### Information provided
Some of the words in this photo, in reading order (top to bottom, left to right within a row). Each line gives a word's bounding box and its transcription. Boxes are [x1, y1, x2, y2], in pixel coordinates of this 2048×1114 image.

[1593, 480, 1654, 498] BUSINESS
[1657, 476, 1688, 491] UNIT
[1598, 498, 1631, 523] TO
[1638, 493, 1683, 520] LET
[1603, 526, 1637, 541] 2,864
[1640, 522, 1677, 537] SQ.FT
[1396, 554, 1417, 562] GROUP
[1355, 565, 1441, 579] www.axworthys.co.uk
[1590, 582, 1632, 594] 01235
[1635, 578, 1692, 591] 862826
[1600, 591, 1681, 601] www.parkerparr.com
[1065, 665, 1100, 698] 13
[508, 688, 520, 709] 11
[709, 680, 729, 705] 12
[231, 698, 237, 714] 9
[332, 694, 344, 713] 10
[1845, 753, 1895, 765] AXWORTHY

### Problem description
All entries must come back exactly as they were written.

### Answer box
Some of the words in this photo, in reading order (top to bottom, left to right within a row). Each line gives a word's bounding box and its transcription. Boxes are [x1, y1, x2, y2], in pixel coordinates of this 2048×1114 image.

[1593, 480, 1654, 498] BUSINESS
[1657, 476, 1688, 491] UNIT
[1598, 498, 1631, 523] TO
[1638, 493, 1683, 520] LET
[1603, 526, 1637, 541] 2,864
[1640, 522, 1677, 537] SQ.FT
[1396, 554, 1417, 562] GROUP
[1355, 565, 1441, 579] www.axworthys.co.uk
[1590, 582, 1632, 594] 01235
[1635, 578, 1692, 591] 862826
[1600, 591, 1681, 601] www.parkerparr.com
[1065, 665, 1100, 698] 13
[508, 688, 520, 709] 11
[709, 680, 729, 705] 12
[231, 698, 237, 714] 9
[332, 694, 344, 713] 10
[1845, 753, 1895, 765] AXWORTHY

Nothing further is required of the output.